In a move you would expect from a liberal, sensitive artist who’s hyper-mindful of his place in the world of music, Ocean Wisdom lists the people that inspired the writing and recording of “Big Talk – Vol. 1”. Among the names is Loyle Carner, a rap artist who seems perfectly at ease discussing mostly family-and-friends matters in a comforting tone. Which is a little bit irritating because Ocean Wisdom and Loyle Carner seem like polar opposites. Carner, eager to share his thoughts, tends to sabotage that pure rush that the medium through which he expresses himself is known to provide. Wisdom, on the face of it, goes wrong in the exact opposite direction.

All style, no substance, then? The fact is that “Big Talk – Vol. 1” is not an album that you’re immediately going to pry open for in-depth analysis, you’d rather blast it straight away for a while (albeit perhaps not for the entire close to 80 minutes). The way it comes at you, you’re the one doing the defensive work, not the other way around. Several tracks start off in the manner of contemprary tunes where vocalists warm up to their performance with mutterings, but sooner or later Wiz unleashes his trademark staccato. Thus the 20-track collection delivers what listeners can expect going into an Ocean Wisdom album – jaw-dropping performances that would probably produce quite a fe jaw-locking incidents if competition tried this at home.

“Big Talk” was Ocean Wisdom’s first release on his own label after two albums with High Focus Records, a major player in modern UK hip-hop. Each time so far, the young rapper was able to enlist notable sparring partners, such as scene mainstays Klashnekoff, Foreign Beggars, Rodney P, Jehst, Chester P and Roots Manuva, but also US heavyweight Method Man and grime superstar Dizzee Rascal. Dizzee also joins the proceedings here, for the top-level meeting “Blessed”. But as far as co-signs go, the omnipresent Ghetts hits the nail on the head with his line “I don’t fuck with Smartwater, I fuck with Ocean Wisdom” (adding, in accord with the imagery, “Don’t try ridin’ my wave, boy, you’ll get motion sickness”).
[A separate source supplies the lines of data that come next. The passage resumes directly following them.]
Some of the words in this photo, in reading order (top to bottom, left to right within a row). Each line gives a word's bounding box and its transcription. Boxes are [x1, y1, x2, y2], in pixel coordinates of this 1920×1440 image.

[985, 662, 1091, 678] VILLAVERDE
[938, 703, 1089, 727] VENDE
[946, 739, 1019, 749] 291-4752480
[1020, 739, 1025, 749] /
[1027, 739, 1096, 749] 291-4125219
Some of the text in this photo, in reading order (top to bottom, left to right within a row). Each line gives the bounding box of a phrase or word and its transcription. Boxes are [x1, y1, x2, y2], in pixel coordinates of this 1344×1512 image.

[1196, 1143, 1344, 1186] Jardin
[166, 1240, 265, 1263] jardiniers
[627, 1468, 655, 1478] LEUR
Each Ocean Wisdom album has been a technical show of force. It’s his modus operandi. Such proficiency would be a more than solid foundation to build upon, to mount something of wider impact, greater meaning, etc. There are moments when the Brighton wunderkind recalls bigger names from the rap canon. Busta Rhymes has made monumental albums with a very dominant presence. Tech N9ne uses his multi-functional skill set to tackle a variety of subject matter from different angles. Pharoahe Monch’s marriage of technical, intellectual and emotional elements still puts him ahead of virtually everybody. Big Pun was the last rap superhero. Black Thought did all of the above with a band in tow. Throughout, “Big Talk” evokes flattering comparisons, including geographically more remote ones such as E-40, Bun B, or even Brotha Lynch Hung. And yet…
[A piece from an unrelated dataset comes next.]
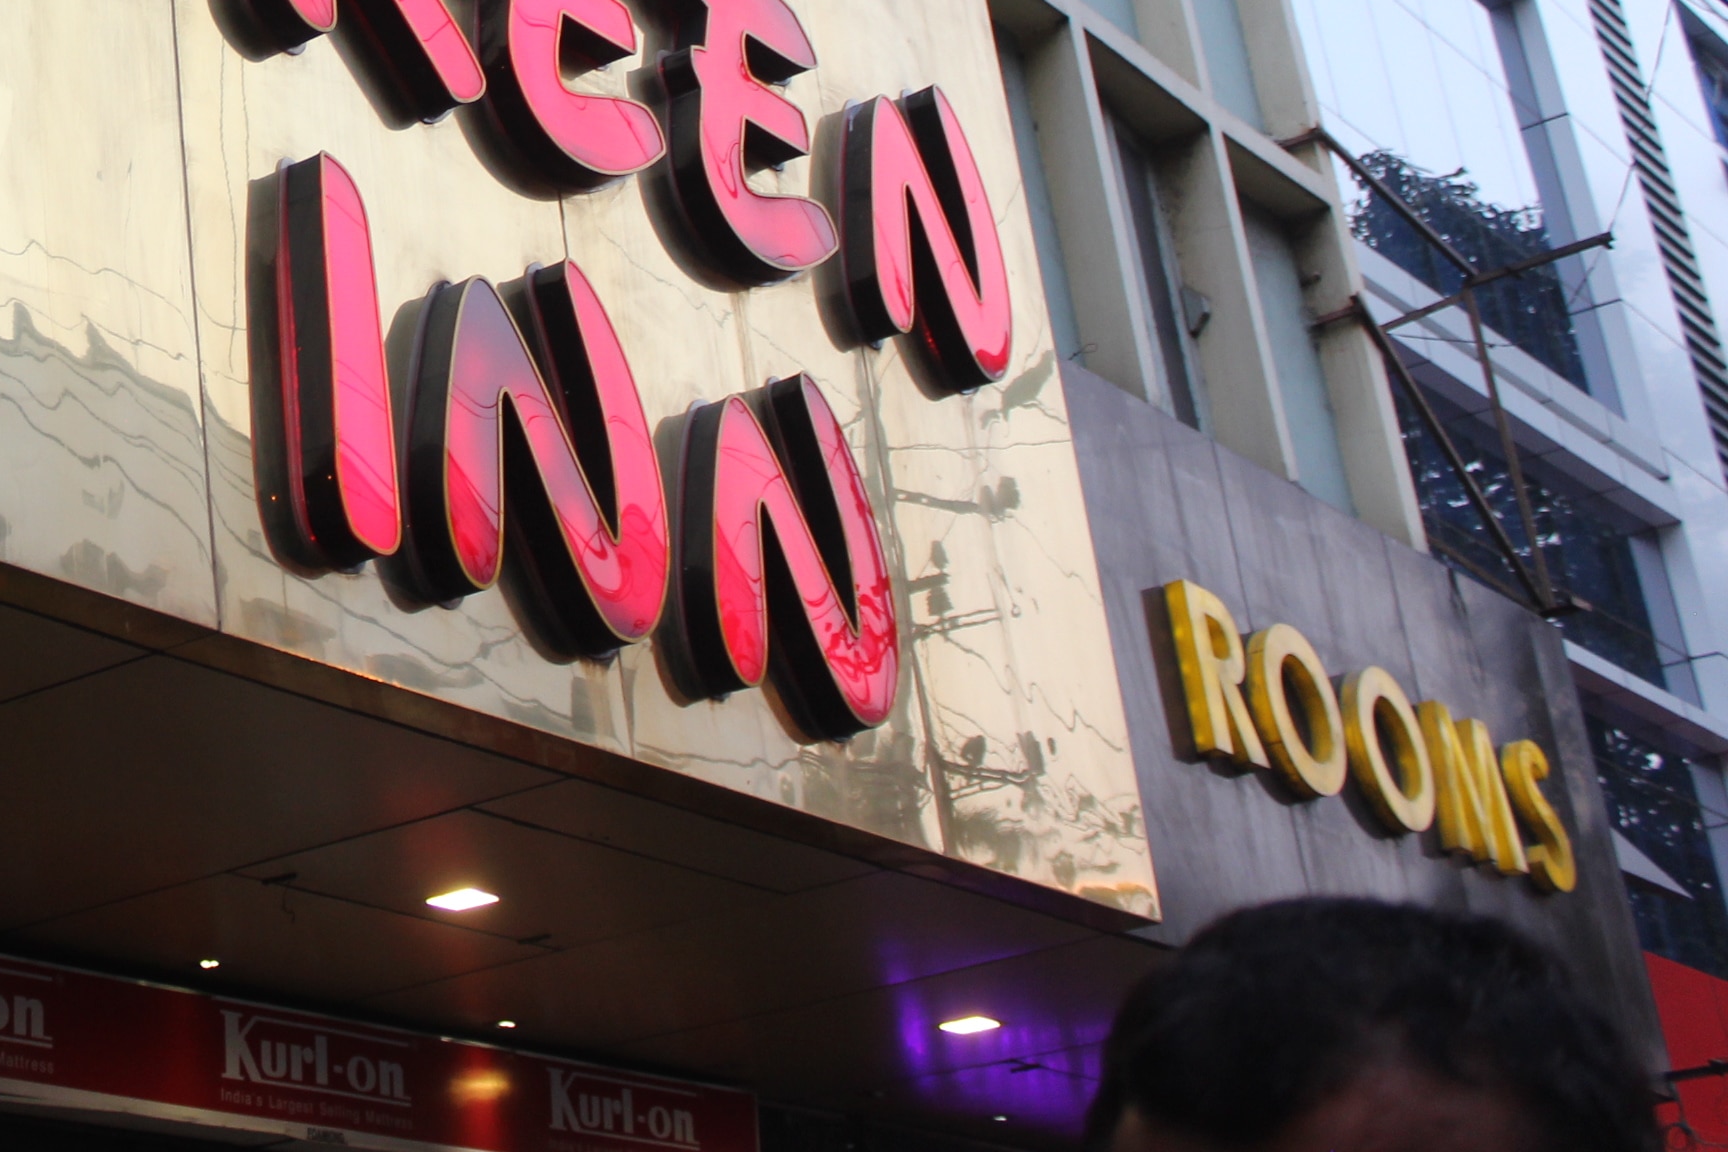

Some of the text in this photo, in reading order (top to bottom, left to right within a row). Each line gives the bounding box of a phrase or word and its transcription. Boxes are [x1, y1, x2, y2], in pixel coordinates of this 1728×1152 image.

[247, 151, 898, 743] INN
[1164, 579, 1577, 893] ROOMS
[220, 1009, 412, 1106] Kurl-on
[546, 1067, 701, 1149] Kurl-on
2019 Ocean Wisdom was not quite there yet. There’s precision, but not necessarily finesse. Sure, when he wants to “annihilate the beat”, he touches upon any rhyme animal’s primordial instinct. There is, quite obviously, not nearly enough of that around these days. But all that effort. Just to prove yourself?

With his dogged focus to humiliate haters and conquer competition (which literally lasts until the very last line), Wizzy creates some seriously juvenile moments. He takes your money, your lady, your pride. The standard scenario of an Ocean Wisdom battle rap is that someone is talking shit until they get shut up either by threats or actions. Decide for yourself how captivating that is over the course of several tracks. Ocean Wisdom could be Logic without the agonizing moments, but his Achilles heel is just as apparent. The approach to the artform that you witness here is hypnotizing in a not entirely good way. It’s virtuosity for its own sake and and for the artist’s assurance that he’s outrunning competition in what is essentially a hamster wheel.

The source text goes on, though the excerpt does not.